What people are saying about the PCOS guideline

Polycystic Ovary Syndrome (PCOS) is the leading cause of infertility and affects up to 13% of women of reproductive age in non-Indigenous women, and one in three Indigenous women. It is a complex condition with challenges in making an accurate diagnosis.

New Australian led global guidelines for the diagnosis and treatment of PCOS have been recently published in three international journals, to improve outcomes for women living with this condition. Below you can see what people are talking about.

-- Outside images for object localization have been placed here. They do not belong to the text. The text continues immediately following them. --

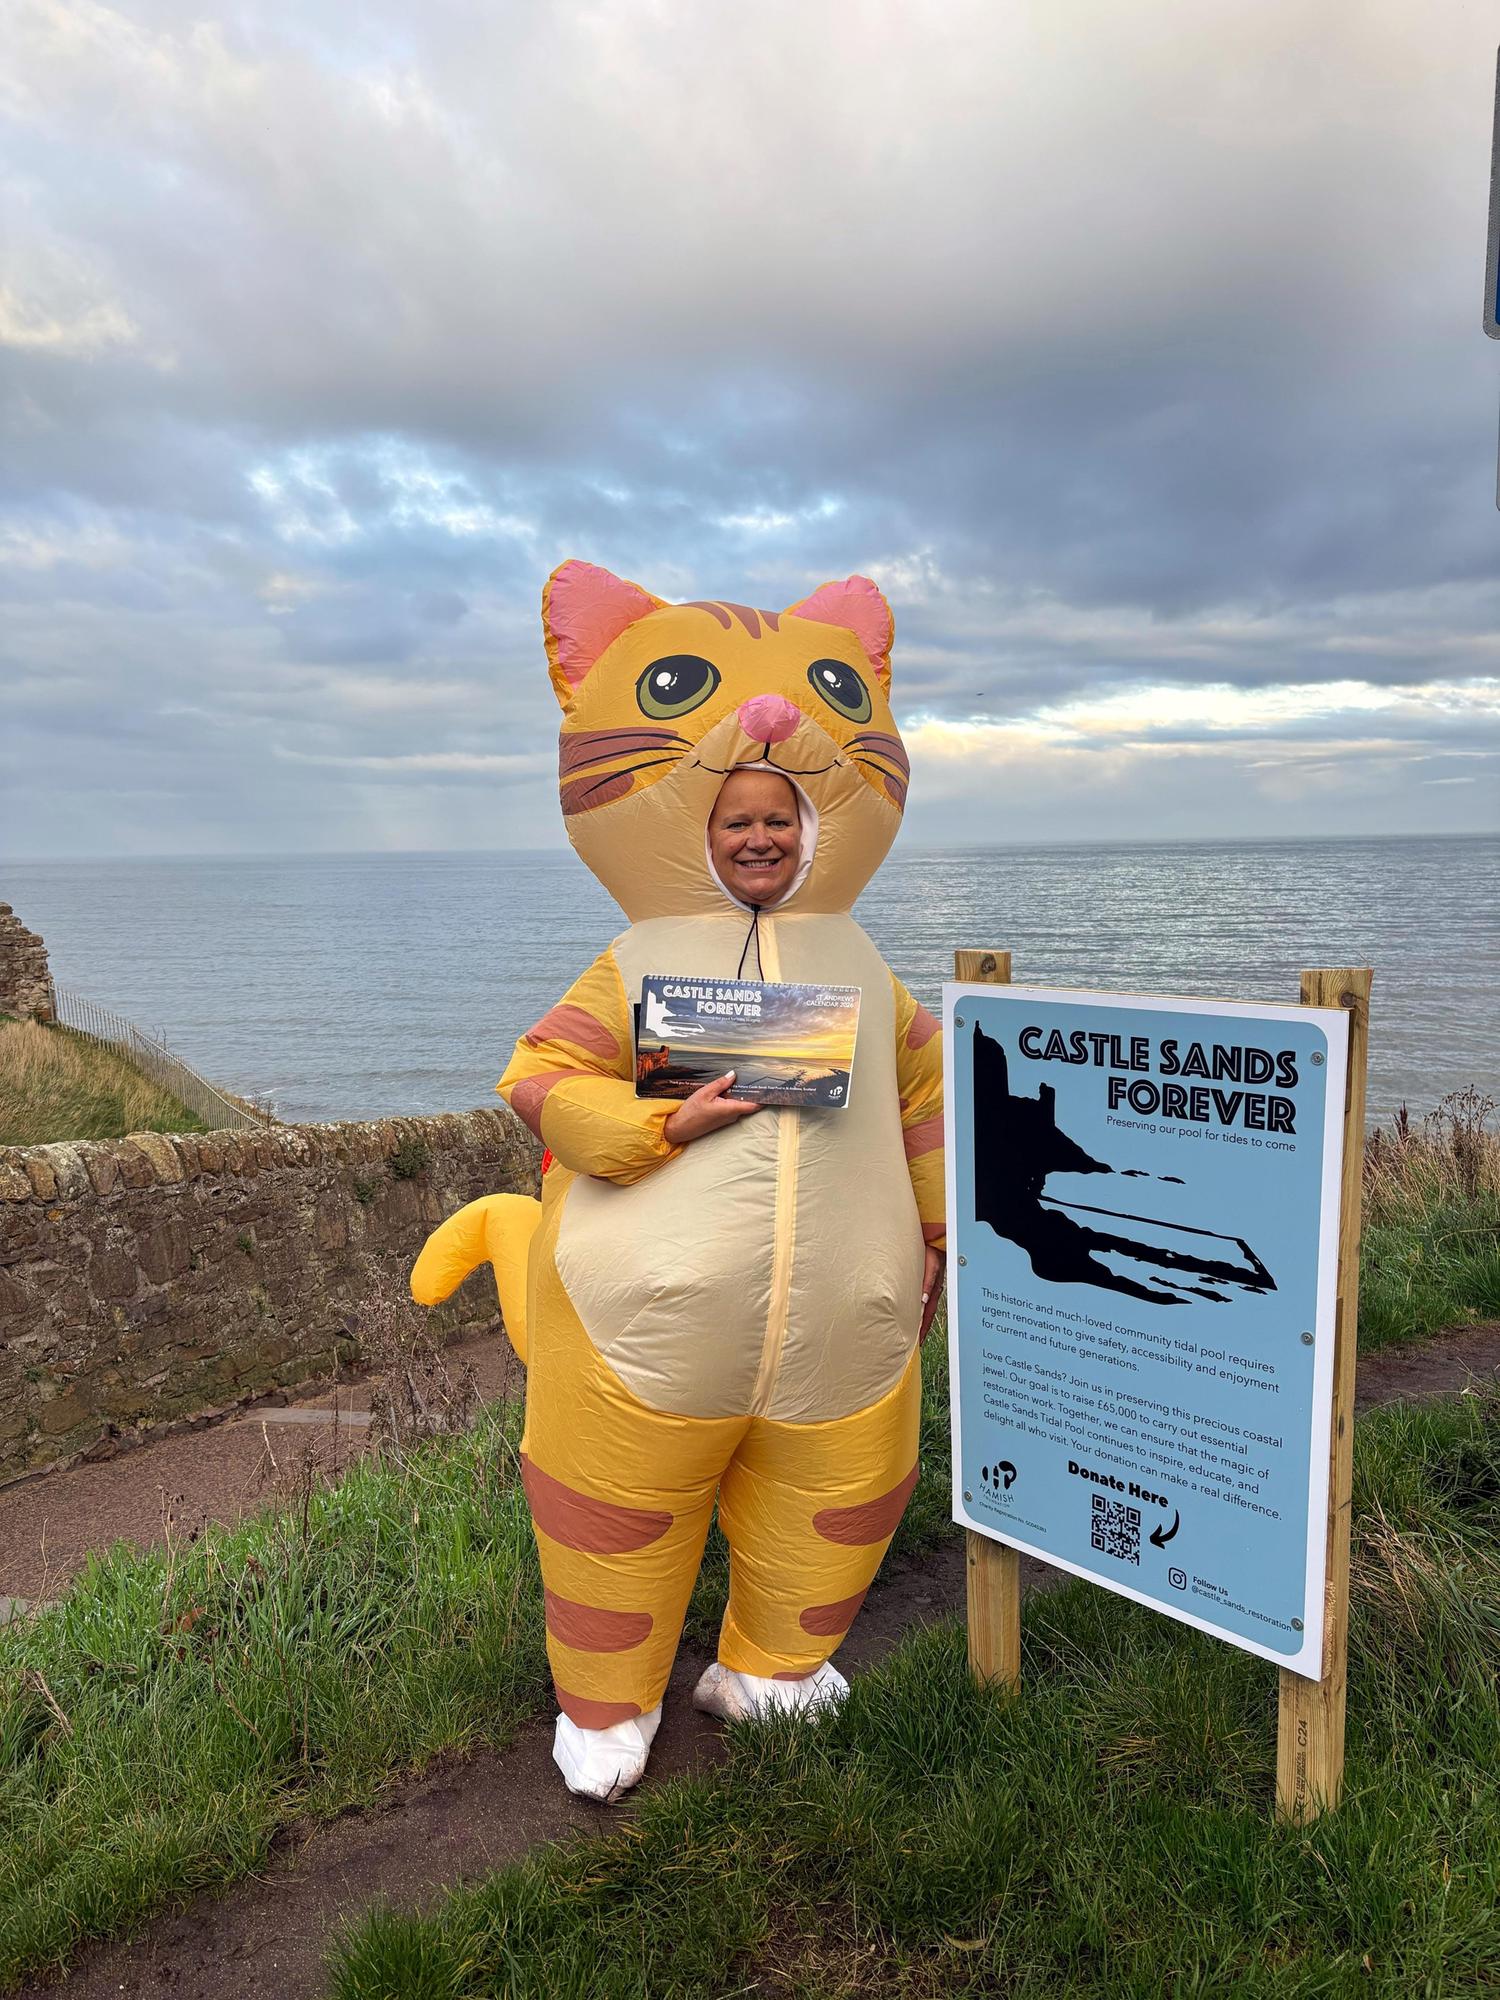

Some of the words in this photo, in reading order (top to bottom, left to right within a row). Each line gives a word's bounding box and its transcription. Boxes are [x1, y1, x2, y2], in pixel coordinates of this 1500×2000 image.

[663, 984, 713, 1000] CASTLE
[716, 988, 762, 1003] SANDS
[696, 1001, 762, 1016] FOREVER
[1019, 1026, 1149, 1072] CASTLE
[1160, 1039, 1299, 1089] SANDS
[1106, 1115, 1156, 1134] Preserving
[1159, 1125, 1176, 1134] our
[1178, 1127, 1202, 1139] pool
[1205, 1129, 1219, 1141] for
[1222, 1132, 1248, 1145] tides
[1251, 1136, 1263, 1147] to
[1265, 1140, 1296, 1152] come
[1108, 1076, 1297, 1135] FOREVER
[982, 1287, 999, 1301] This
[1001, 1292, 1033, 1310] historic
[1035, 1305, 1053, 1315] and
[1055, 1308, 1112, 1331] much-loved
[1115, 1324, 1171, 1349] community
[1174, 1339, 1197, 1353] tidal
[1200, 1348, 1226, 1361] pool
[1228, 1354, 1275, 1374] requires
[982, 1318, 994, 1329] for
[996, 1324, 1028, 1340] current
[1029, 1333, 1047, 1345] and
[1049, 1337, 1077, 1354] future
[1079, 1349, 1140, 1372] generations.
[982, 1305, 1010, 1320] urgent
[1012, 1313, 1061, 1333] renovation
[1063, 1326, 1073, 1336] to
[1075, 1330, 1096, 1343] give
[1098, 1337, 1129, 1354] safety,
[1131, 1345, 1193, 1372] accessibility
[1196, 1364, 1216, 1376] and
[1219, 1369, 1280, 1394] enjoyment
[982, 1348, 1003, 1363] Love
[1005, 1355, 1033, 1372] Castle
[1034, 1365, 1067, 1382] Sands?
[1069, 1376, 1089, 1390] Join
[1091, 1384, 1102, 1394] us
[1105, 1386, 1114, 1397] in
[1116, 1391, 1169, 1416] preserving
[1172, 1407, 1191, 1421] this
[1193, 1415, 1240, 1435] precious
[1243, 1430, 1283, 1448] coastal
[982, 1363, 1007, 1378] jewel.
[1009, 1372, 1026, 1386] Our
[1029, 1379, 1049, 1393] goal
[1051, 1385, 1059, 1396] is
[1060, 1388, 1070, 1399] to
[1072, 1394, 1095, 1407] raise
[1097, 1399, 1137, 1421] £65,000
[1139, 1413, 1150, 1425] to
[1152, 1419, 1178, 1436] carry
[1180, 1428, 1198, 1440] out
[1200, 1435, 1248, 1455] essential
[983, 1379, 1030, 1401] restoration
[1031, 1395, 1056, 1411] work.
[1057, 1402, 1102, 1427] Together,
[1104, 1419, 1119, 1431] we
[1120, 1425, 1138, 1438] can
[1140, 1432, 1175, 1449] ensure
[1178, 1442, 1198, 1457] that
[1200, 1449, 1218, 1463] the
[1221, 1457, 1254, 1476] magic
[1257, 1469, 1270, 1480] of
[983, 1393, 1010, 1411] Castle
[1011, 1403, 1039, 1420] Sands
[1040, 1412, 1063, 1428] Tidal
[1064, 1421, 1085, 1436] Pool
[1087, 1430, 1134, 1453] continues
[1136, 1446, 1147, 1457] to
[1149, 1448, 1186, 1471] inspire,
[1189, 1464, 1235, 1488] educate,
[1237, 1480, 1260, 1495] and
[979, 1483, 1015, 1503] HAMISH
[983, 1409, 1014, 1427] delight
[1016, 1421, 1026, 1432] all
[1028, 1425, 1047, 1438] who
[1049, 1433, 1069, 1447] visit.
[1071, 1438, 1092, 1454] Your
[1094, 1448, 1138, 1470] donation
[1140, 1464, 1158, 1477] can
[1160, 1471, 1189, 1488] make
[1190, 1481, 1198, 1491] a
[1200, 1484, 1220, 1499] real
[1223, 1492, 1283, 1521] difference.
[1068, 1460, 1126, 1492] Donate
[1128, 1482, 1169, 1508] Here
[1191, 1585, 1292, 1632] @castle_sands_restoration
[1193, 1576, 1217, 1592] Follow
[1219, 1586, 1229, 1596] Us
[1297, 1719, 1308, 1747] C24

Recommendations from the international evidence‐based guideline for the assessment and management of polycystic ovary syndrome are published in:

  • Fertility and Sterility
  • Human Reproduction
  • Journal of Endocrinology and Metabolism
  • European Journal of Endocrinology
Media Release
Sabra Lane
Presenter of AM, ABC Radio

I was diagnosed with PCOS when I was a teenager – when it was believed to be rare, and not much was known about it. It’s a pretty common condition now but so many myths and misunderstandings abound. I’ve endured a range of symptoms – excess weight, excess hair, irregular and non-existent periods and infertility – but I have not wanted it to define me or my life. I’ve taken control of my health and it hasn’t been easy. But through diet, exercise and medication I think I’ve done a pretty good job of managing PCOS. I’m on an 800km hike and bike ride now through Spain, which is testament to keeping in good health as a 50 year old PCOS woman! Factual information is power for PCOS women. There is so much fake advice on the internet that offers nothing but false hope. Monash University has led this work with the Australian Centre for Research Excellence in PCOS, has created a guideline, fact sheets, an App and other resources that gives all PCOS women – but especially teenagers and young women – the facts and information they need, to devise their own path to a healthy and happy life.”